Periodontitis is a chronic inflammatory disease associated with dysbiotic plaque biofilm and is characterized by the progressive destruction of the tooth-supporting apparatus. The purpose of this study was to utilize single-cell RNA sequencing (scRNA-seq) to profile gene expression patterns from gingival tissues affected by periodontitis, and to analyze the interactions between fibroblasts, which remodel the extracellular matrix (ECM), and other cell types at the single-cell level. Our hypothesis is that periodontitis induces significant transcriptional changes in fibroblasts resulting in dysregulated interactions between fibroblasts and other cell types. The raw scRNAseq data of human periodontitis samples was obtained from the National Center for Biotechnology Information database (GSE171213). The data was re-analyzed using RStudio and R packages Seurat and CellChat.
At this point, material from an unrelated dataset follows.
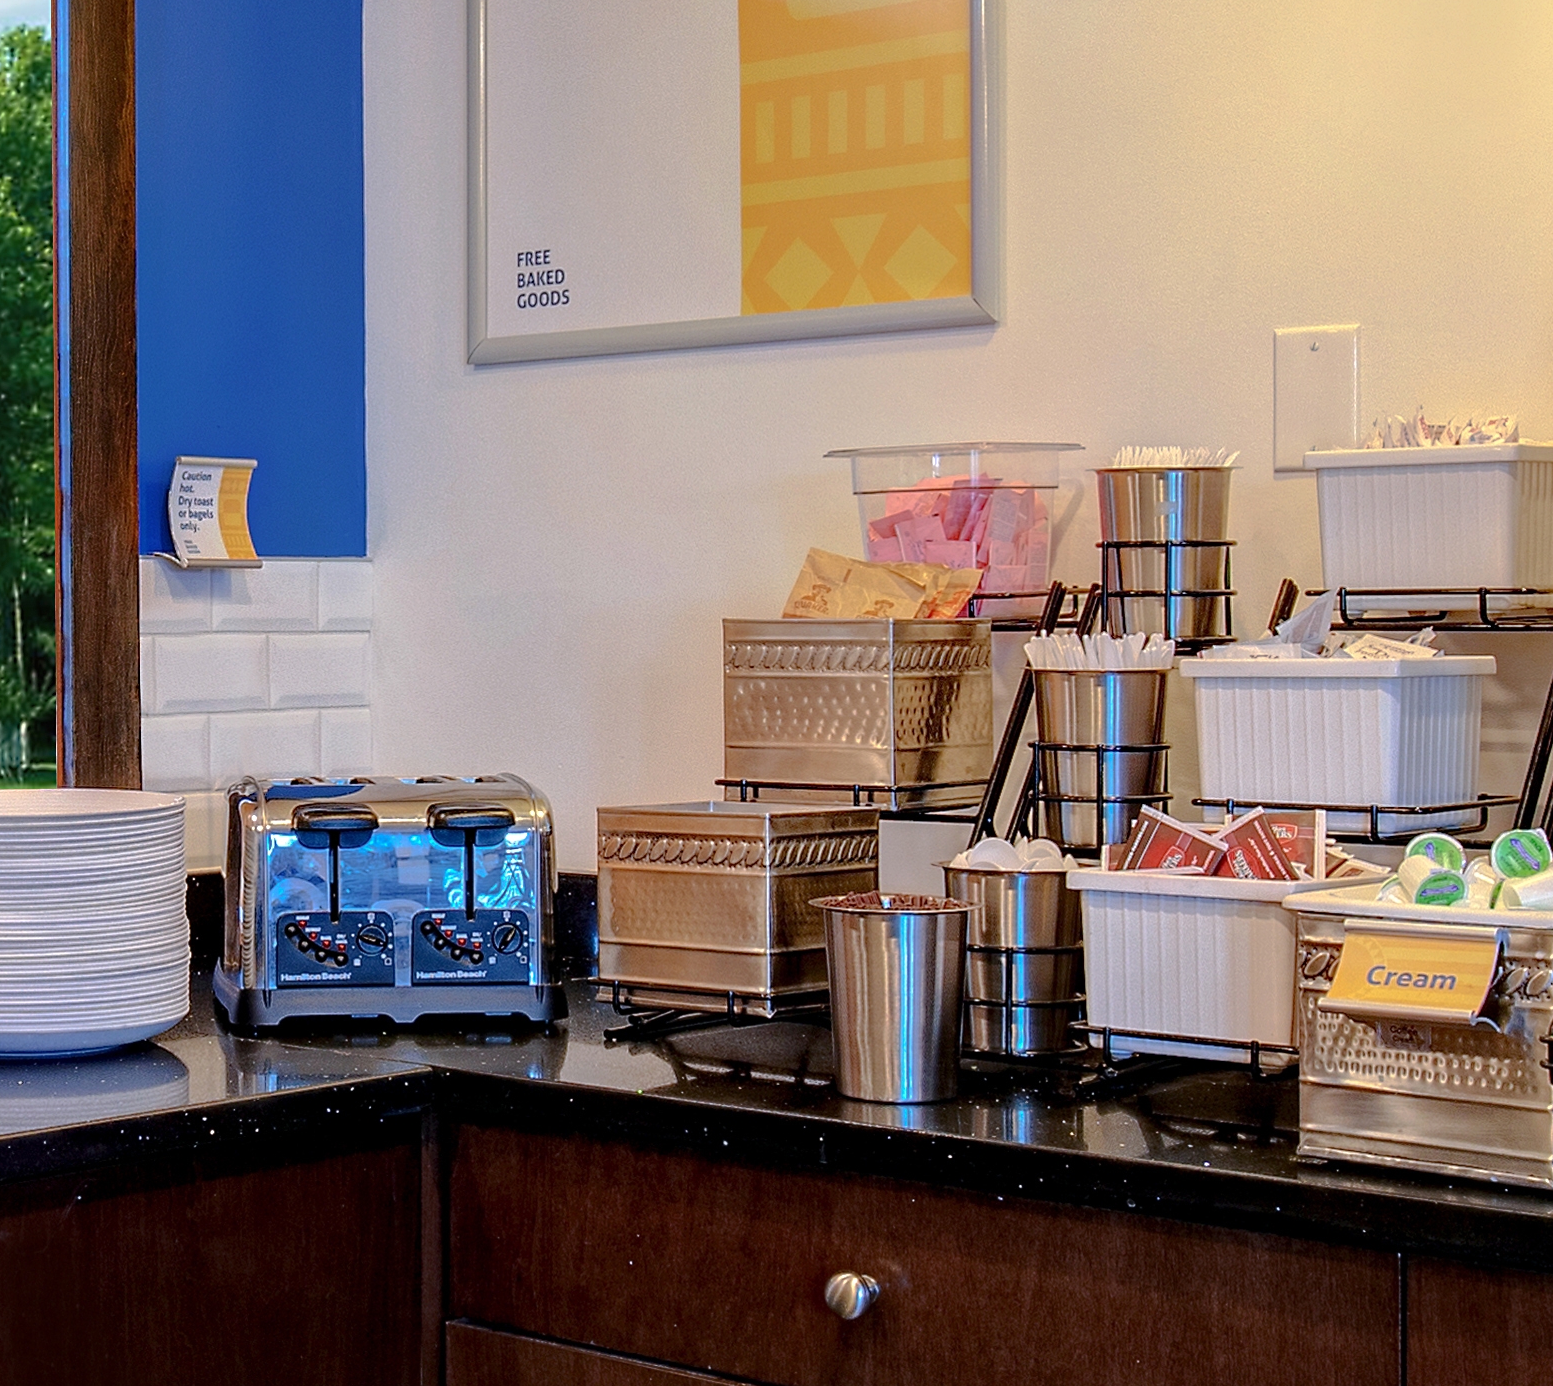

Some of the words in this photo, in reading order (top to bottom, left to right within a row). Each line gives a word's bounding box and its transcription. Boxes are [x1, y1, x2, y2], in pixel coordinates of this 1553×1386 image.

We identified specific cell types, including fibroblasts and epithelial, endothelial, and immune cells, and their unique gene expression patterns in both diseased and healthy states. We utilized CellChat to decode complex intercellular communication pathways, focusing on the ligand-receptor interactions involving fibroblasts with other cell types. Fibroblasts presented with the highest outgoing interaction strength compared to all other cell types. They were highly active within the context of periodontal disease, especially in their signaling toward epithelial, endothelial, and immune cells. Specific ECM molecules, such as specialized collagen subtypes (COL4A1/2, COL6A1/3) and the provisional ECM molecule fibronectin (FN1), were most highly upregulated in periodontitis-associated fibroblasts compared to fibroblasts in healthy tissues, with a parallel upregulation of receptor CD44 in all target cells. Our findings indicate an upregulation of fibroblast-mediated ECM signaling in periodontitis, and we identified unique ECM molecules that are known to be important in inflammatory and fibrotic processes. These results pave the way for mechanistic studies exploring the role of periodontitis-associated fibroblasts in disease progression.